Walls made a motion to accept everything as information. Peterson, Mayor Michael Ell, and Fule voted against it, stating a decision needed to be made.  Councillor John Rempel was not at the meeting, and the motion was defeated because it was a tie vote.
“I think there is a certain amount of proxy to accepting a significant portion of a franchise fee and not accepting an increase that works to the average as we’ve been presented with and speaking against motions like this in terms of the benefits that could ensue for community knowing full well that it’s going to result in a tax increase to citizens where they have no control, because you can’t turn out the lights on a tax increase, you have no power over limiting it,” said Peterson. 
“By voting against this motion we are in effect holding our citizens hostage to a tax increase over which they will have no control.” Councillor Fule made a motion in favour of the increase, which was again defeated due to a split vote. 
“The increase in net municipal taxation to the town has increased on average 3 per cent per year over the last two years. New residential and commercial building in that time period has raised some of the additional taxation, the balance would be as a result of inflation and increasing costs to provide services to the community,” said Tiede. 

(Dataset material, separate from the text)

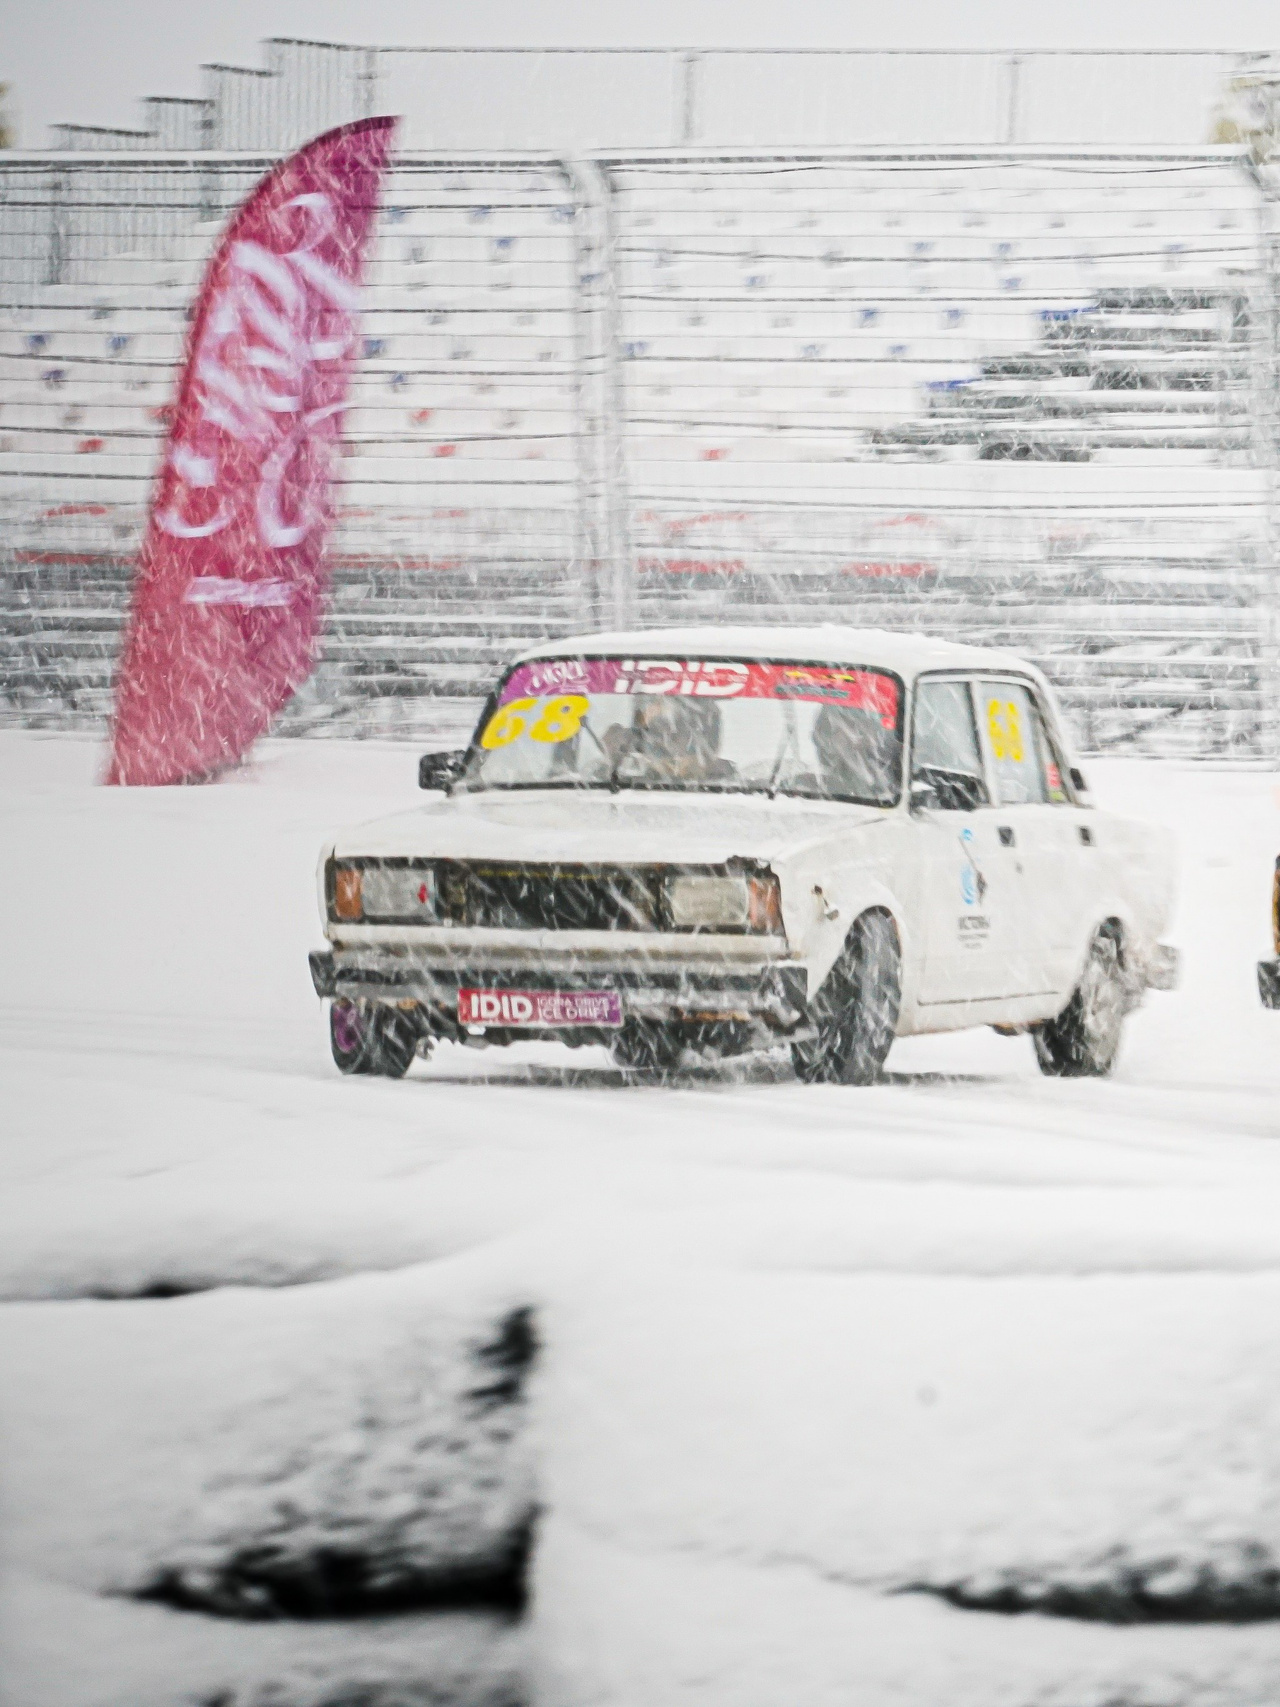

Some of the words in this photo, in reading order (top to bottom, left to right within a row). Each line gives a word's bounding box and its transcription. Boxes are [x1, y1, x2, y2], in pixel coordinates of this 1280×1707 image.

[614, 661, 750, 695] IDID
[481, 695, 590, 750] 68
[471, 993, 533, 1020] IDID

For every $100,000 of operating expenditure there would be a one per cent increase to taxes. Therefore an additional $1 million of net additional expenditure would add 10 per cent to taxes in order to balance the budget. Without an increase to the franchise fee the money will still be needed and there will likely be a need to increase taxes. At the end of the council meeting Chief Administrative Officer Dwight Stanford stated that there would likely be “a pretty good tax increase.” The budget is scheduled for discussion at the fall workshop, being held at the beginning of November. The electricity franchise fee was also brought up for discussion and defeated with the same split voting amongst the councillors.